RECORDED DATA:

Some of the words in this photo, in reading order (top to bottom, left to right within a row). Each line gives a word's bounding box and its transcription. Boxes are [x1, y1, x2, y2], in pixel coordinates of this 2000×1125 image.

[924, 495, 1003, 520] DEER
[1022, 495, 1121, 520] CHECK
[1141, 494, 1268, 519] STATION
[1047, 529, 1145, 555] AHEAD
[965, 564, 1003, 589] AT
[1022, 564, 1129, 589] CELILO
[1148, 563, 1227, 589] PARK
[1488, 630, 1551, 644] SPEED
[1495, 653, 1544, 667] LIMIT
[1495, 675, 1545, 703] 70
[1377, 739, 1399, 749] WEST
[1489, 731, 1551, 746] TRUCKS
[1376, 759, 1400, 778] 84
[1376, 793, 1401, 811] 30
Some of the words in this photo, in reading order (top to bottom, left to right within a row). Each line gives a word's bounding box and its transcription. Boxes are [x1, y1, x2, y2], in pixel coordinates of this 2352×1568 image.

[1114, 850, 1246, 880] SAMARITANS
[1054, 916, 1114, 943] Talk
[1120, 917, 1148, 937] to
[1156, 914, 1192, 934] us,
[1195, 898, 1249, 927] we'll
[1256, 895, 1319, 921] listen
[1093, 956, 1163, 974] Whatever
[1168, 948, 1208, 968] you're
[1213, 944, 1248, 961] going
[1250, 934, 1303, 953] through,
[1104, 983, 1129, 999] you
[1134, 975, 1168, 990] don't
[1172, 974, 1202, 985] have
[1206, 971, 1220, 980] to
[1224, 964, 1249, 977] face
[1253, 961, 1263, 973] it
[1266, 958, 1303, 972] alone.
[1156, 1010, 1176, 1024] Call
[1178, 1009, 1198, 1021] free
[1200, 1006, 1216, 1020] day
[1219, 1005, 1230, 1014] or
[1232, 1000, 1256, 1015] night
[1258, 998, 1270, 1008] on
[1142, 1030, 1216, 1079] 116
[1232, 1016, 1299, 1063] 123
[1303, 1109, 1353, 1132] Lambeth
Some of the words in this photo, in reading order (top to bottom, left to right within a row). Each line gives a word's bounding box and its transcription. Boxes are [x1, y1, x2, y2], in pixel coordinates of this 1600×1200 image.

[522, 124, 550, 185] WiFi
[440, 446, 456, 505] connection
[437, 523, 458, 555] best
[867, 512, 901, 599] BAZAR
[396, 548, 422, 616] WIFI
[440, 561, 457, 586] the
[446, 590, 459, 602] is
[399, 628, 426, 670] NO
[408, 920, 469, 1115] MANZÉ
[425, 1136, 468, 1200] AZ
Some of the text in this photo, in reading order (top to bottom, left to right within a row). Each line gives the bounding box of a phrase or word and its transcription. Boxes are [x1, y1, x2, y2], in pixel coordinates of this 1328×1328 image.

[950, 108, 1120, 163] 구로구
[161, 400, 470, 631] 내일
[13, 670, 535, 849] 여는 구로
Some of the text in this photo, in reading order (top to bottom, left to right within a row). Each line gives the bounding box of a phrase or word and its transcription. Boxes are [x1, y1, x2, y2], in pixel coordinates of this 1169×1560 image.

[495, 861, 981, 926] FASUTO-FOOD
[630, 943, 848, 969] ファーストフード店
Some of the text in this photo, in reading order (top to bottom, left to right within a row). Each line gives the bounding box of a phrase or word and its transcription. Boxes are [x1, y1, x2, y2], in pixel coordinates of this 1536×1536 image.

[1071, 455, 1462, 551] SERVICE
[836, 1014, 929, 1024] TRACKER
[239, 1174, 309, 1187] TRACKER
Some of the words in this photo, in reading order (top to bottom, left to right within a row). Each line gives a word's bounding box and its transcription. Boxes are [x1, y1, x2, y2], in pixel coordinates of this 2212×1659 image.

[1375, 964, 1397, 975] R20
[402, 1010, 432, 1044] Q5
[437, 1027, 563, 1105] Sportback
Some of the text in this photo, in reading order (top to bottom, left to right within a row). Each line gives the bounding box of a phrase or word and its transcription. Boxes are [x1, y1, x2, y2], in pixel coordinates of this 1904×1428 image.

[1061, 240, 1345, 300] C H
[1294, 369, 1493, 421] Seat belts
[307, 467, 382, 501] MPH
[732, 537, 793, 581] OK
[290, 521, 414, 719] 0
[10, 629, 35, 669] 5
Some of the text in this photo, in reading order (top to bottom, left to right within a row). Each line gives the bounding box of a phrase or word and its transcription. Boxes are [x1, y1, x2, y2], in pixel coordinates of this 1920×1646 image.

WHAT YOU WILL DO: Output the line containing "this 1328×1328 image." and every line after it through the final line of the records above, exactly as written and nothing else.

EXERCISE ANSWER:
Some of the text in this photo, in reading order (top to bottom, left to right within a row). Each line gives the bounding box of a phrase or word and its transcription. Boxes are [x1, y1, x2, y2], in pixel coordinates of this 1328×1328 image.

[950, 108, 1120, 163] 구로구
[161, 400, 470, 631] 내일
[13, 670, 535, 849] 여는 구로
Some of the text in this photo, in reading order (top to bottom, left to right within a row). Each line gives the bounding box of a phrase or word and its transcription. Boxes are [x1, y1, x2, y2], in pixel coordinates of this 1169×1560 image.

[495, 861, 981, 926] FASUTO-FOOD
[630, 943, 848, 969] ファーストフード店
Some of the text in this photo, in reading order (top to bottom, left to right within a row). Each line gives the bounding box of a phrase or word and its transcription. Boxes are [x1, y1, x2, y2], in pixel coordinates of this 1536×1536 image.

[1071, 455, 1462, 551] SERVICE
[836, 1014, 929, 1024] TRACKER
[239, 1174, 309, 1187] TRACKER
Some of the words in this photo, in reading order (top to bottom, left to right within a row). Each line gives a word's bounding box and its transcription. Boxes are [x1, y1, x2, y2], in pixel coordinates of this 2212×1659 image.

[1375, 964, 1397, 975] R20
[402, 1010, 432, 1044] Q5
[437, 1027, 563, 1105] Sportback
Some of the text in this photo, in reading order (top to bottom, left to right within a row). Each line gives the bounding box of a phrase or word and its transcription. Boxes are [x1, y1, x2, y2], in pixel coordinates of this 1904×1428 image.

[1061, 240, 1345, 300] C H
[1294, 369, 1493, 421] Seat belts
[307, 467, 382, 501] MPH
[732, 537, 793, 581] OK
[290, 521, 414, 719] 0
[10, 629, 35, 669] 5
Some of the text in this photo, in reading order (top to bottom, left to right within a row). Each line gives the bounding box of a phrase or word and its transcription. Boxes are [x1, y1, x2, y2], in pixel coordinates of this 1920×1646 image.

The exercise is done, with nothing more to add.